§ PROMPT
The expected response is an exact repetition of every record, with images excluded.

═══ DATA FOR PROCESSING ═══

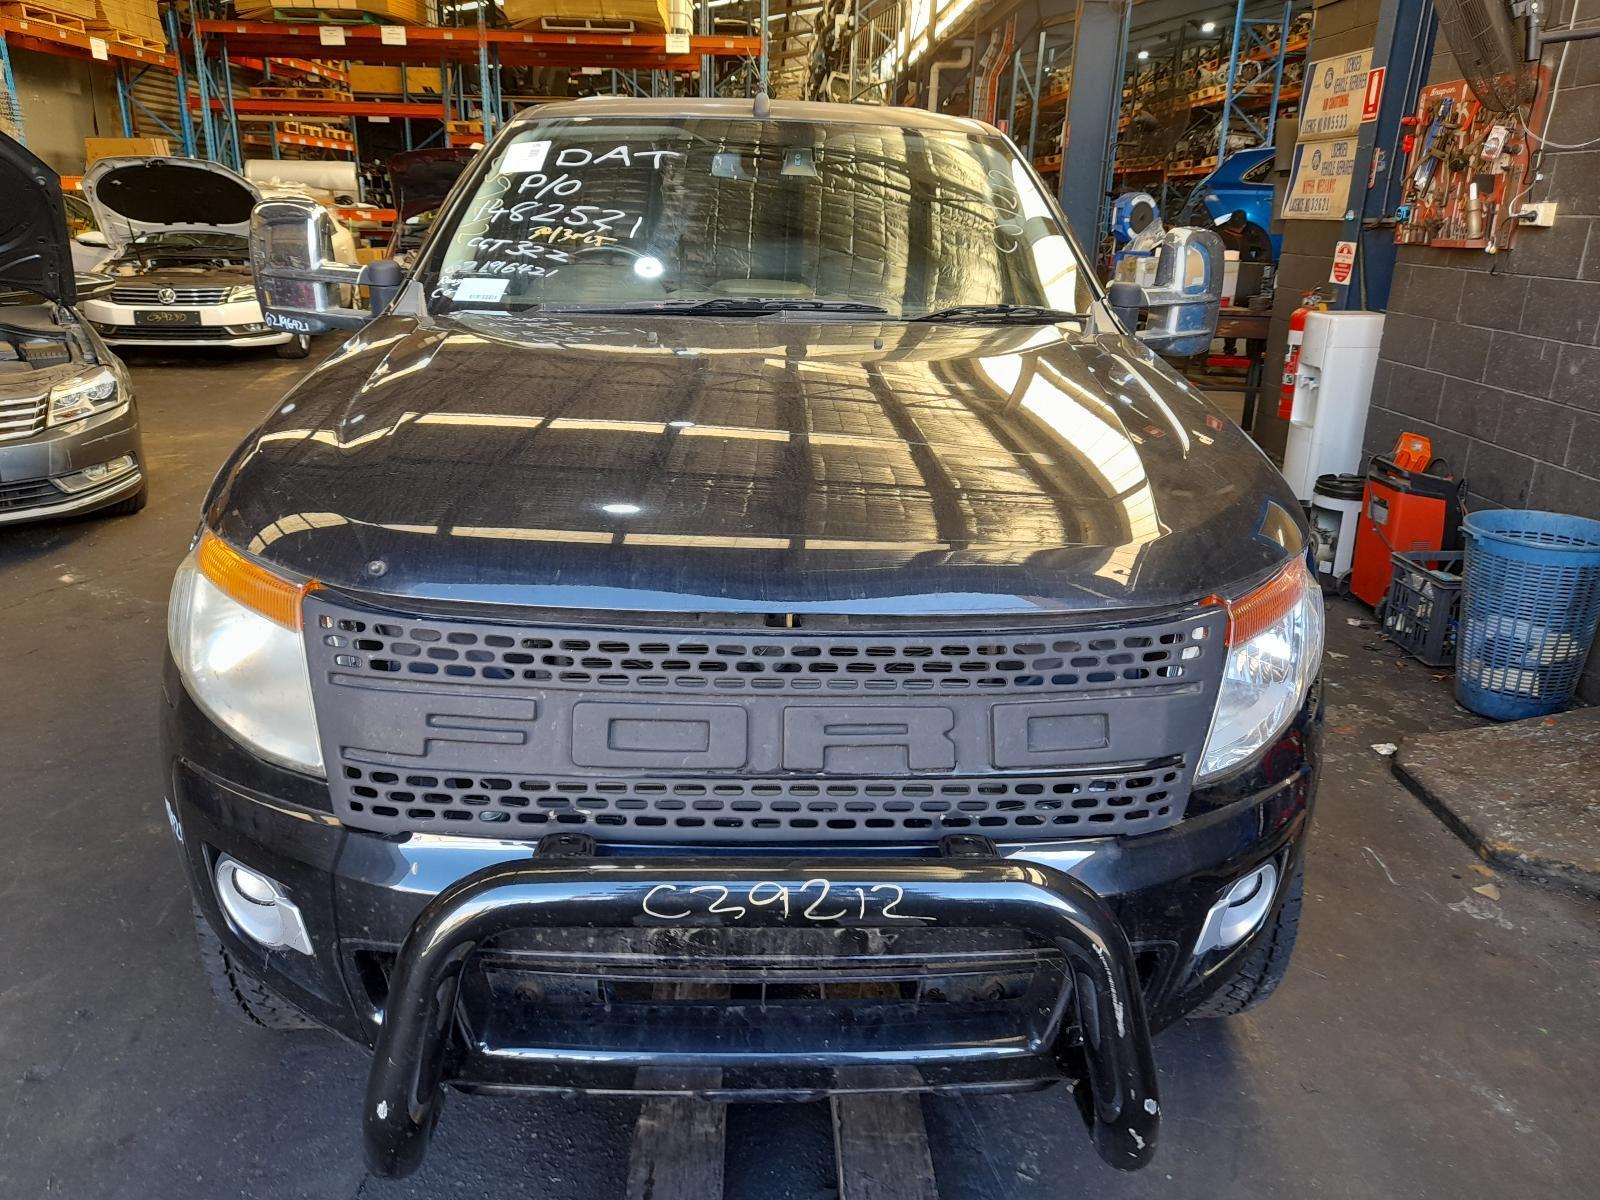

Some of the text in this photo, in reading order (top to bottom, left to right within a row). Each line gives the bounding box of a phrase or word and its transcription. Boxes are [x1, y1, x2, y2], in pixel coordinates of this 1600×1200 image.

[555, 145, 681, 170] DAT
[517, 173, 582, 199] P/O
[328, 676, 1196, 773] FORD
[642, 878, 938, 920] C39212
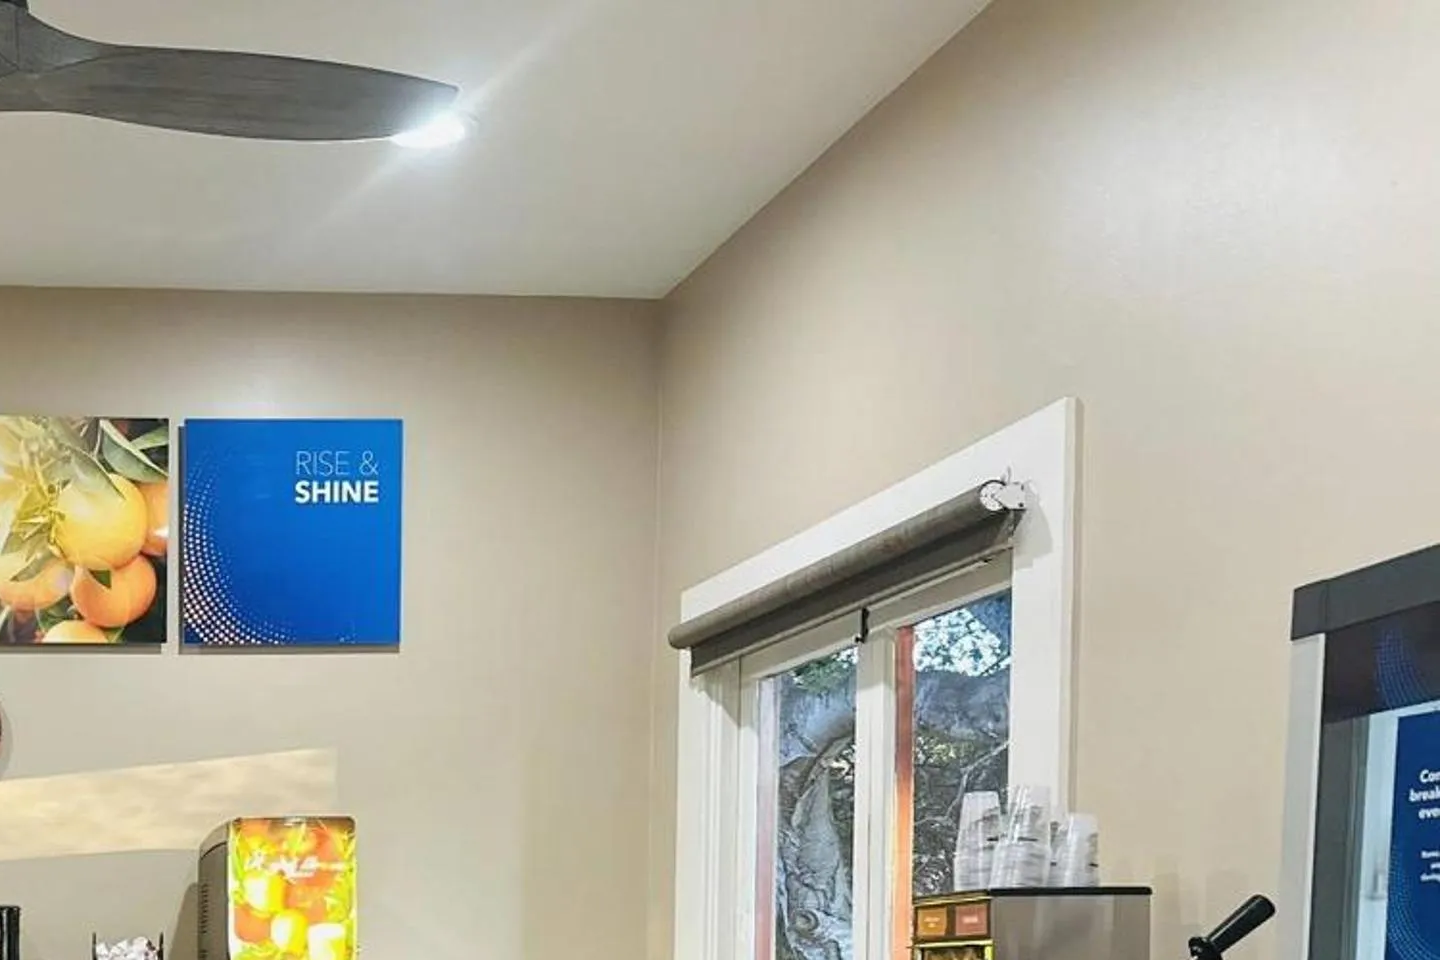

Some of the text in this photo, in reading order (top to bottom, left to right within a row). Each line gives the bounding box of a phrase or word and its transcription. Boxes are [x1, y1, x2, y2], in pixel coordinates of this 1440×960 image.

[295, 449, 380, 476] RISE &
[294, 480, 380, 504] SHINE

═══

§ RESULT
Some of the text in this photo, in reading order (top to bottom, left to right within a row). Each line gives the bounding box of a phrase or word and its transcription. Boxes are [x1, y1, x2, y2], in pixel coordinates of this 1600×1200 image.

[555, 145, 681, 170] DAT
[517, 173, 582, 199] P/O
[328, 676, 1196, 773] FORD
[642, 878, 938, 920] C39212

Some of the text in this photo, in reading order (top to bottom, left to right within a row). Each line gives the bounding box of a phrase or word and its transcription. Boxes are [x1, y1, x2, y2], in pixel coordinates of this 1440×960 image.

[295, 449, 380, 476] RISE &
[294, 480, 380, 504] SHINE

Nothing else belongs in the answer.